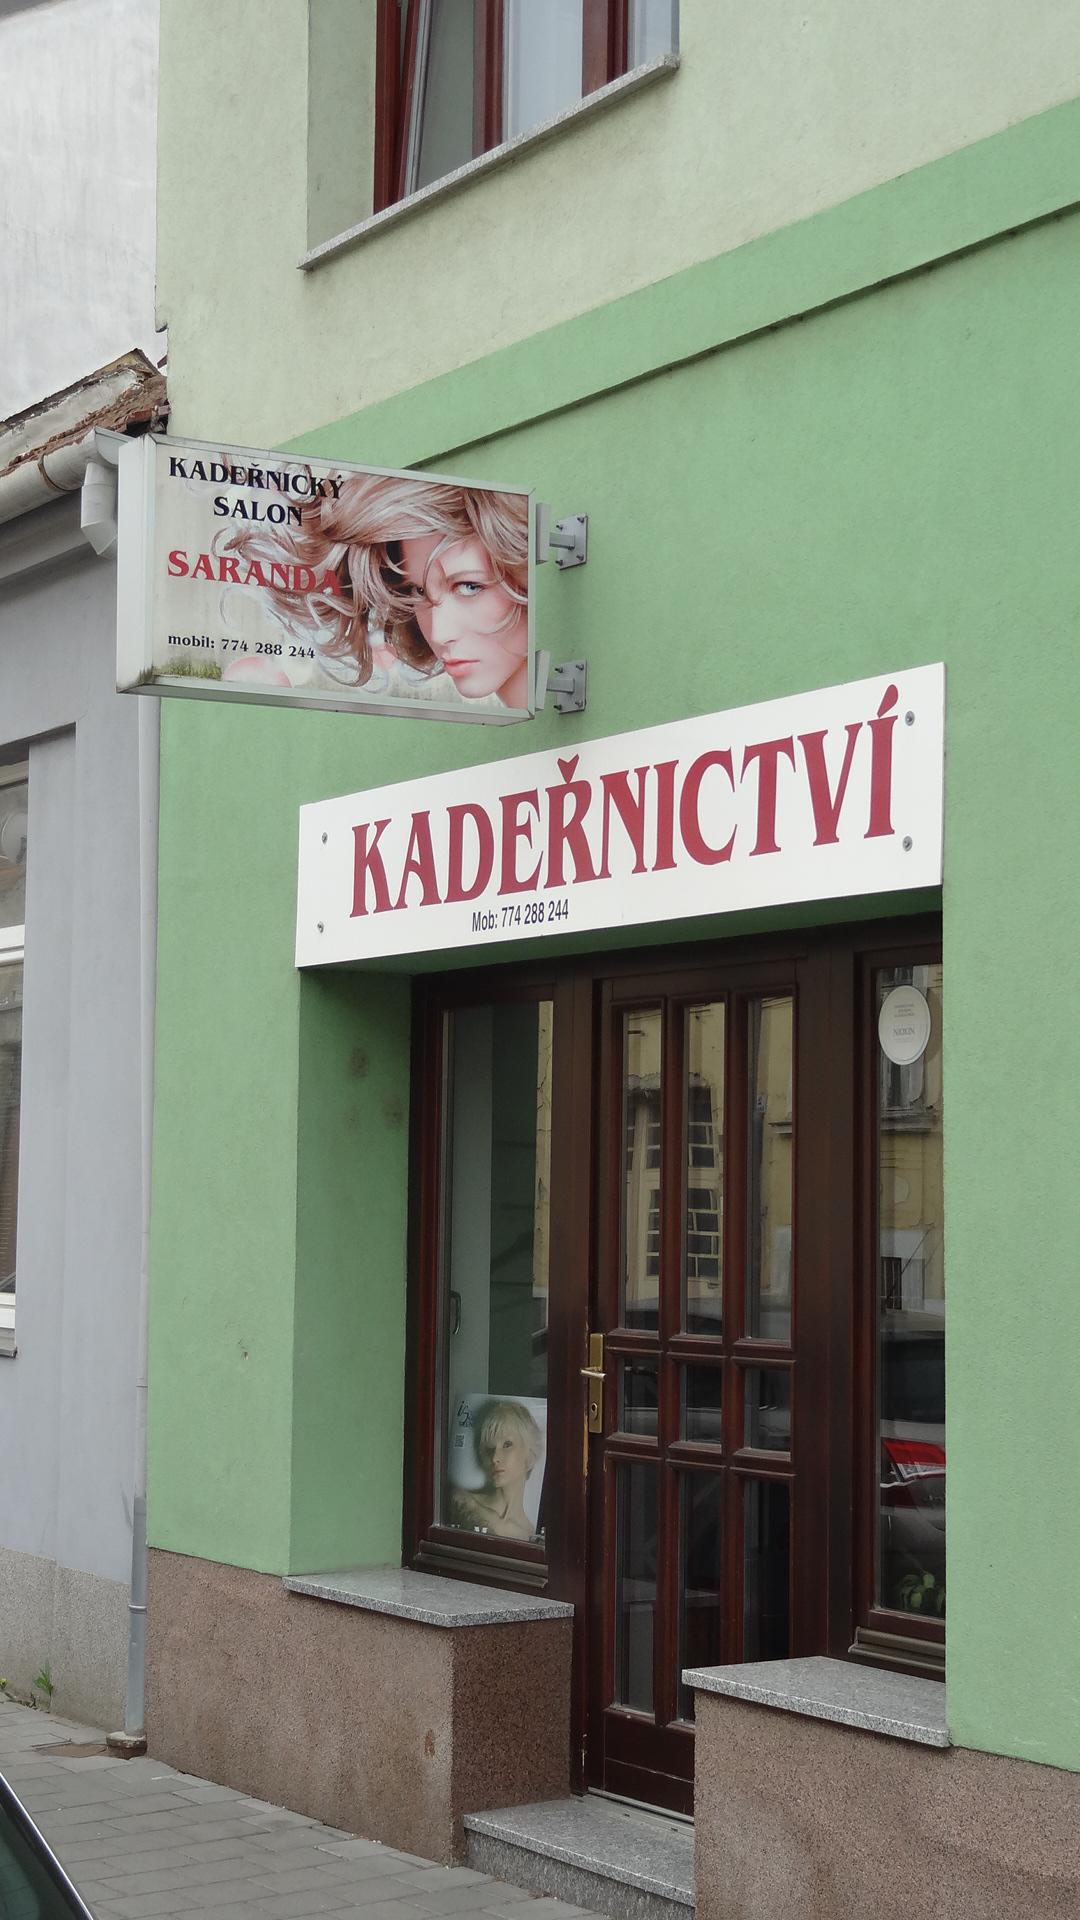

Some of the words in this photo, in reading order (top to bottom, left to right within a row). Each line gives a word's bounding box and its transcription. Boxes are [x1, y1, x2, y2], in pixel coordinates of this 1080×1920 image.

[169, 456, 345, 499] KADEŘNICKÝ
[214, 496, 302, 526] SALON
[167, 550, 342, 596] SARANDA
[168, 635, 215, 649] mobil:
[221, 639, 248, 652] 774
[255, 642, 282, 656] 288
[288, 645, 315, 659] 244
[350, 684, 899, 918] KADEŘNICTVÍ
[472, 910, 498, 932] Mob:
[501, 905, 521, 927] 774
[524, 902, 545, 925] 288
[548, 899, 569, 921] 244

------------------------------------------------------------

▸ **PROBLEM DESCRIPTION**: Leave nothing out but the pictures when transcribing the records.

▸ **EXPECTED ANSWER**:
Some of the words in this photo, in reading order (top to bottom, left to right within a row). Each line gives a word's bounding box and its transcription. Boxes are [x1, y1, x2, y2], in pixel coordinates of this 1080×1920 image.

[169, 456, 345, 499] KADEŘNICKÝ
[214, 496, 302, 526] SALON
[167, 550, 342, 596] SARANDA
[168, 635, 215, 649] mobil:
[221, 639, 248, 652] 774
[255, 642, 282, 656] 288
[288, 645, 315, 659] 244
[350, 684, 899, 918] KADEŘNICTVÍ
[472, 910, 498, 932] Mob:
[501, 905, 521, 927] 774
[524, 902, 545, 925] 288
[548, 899, 569, 921] 244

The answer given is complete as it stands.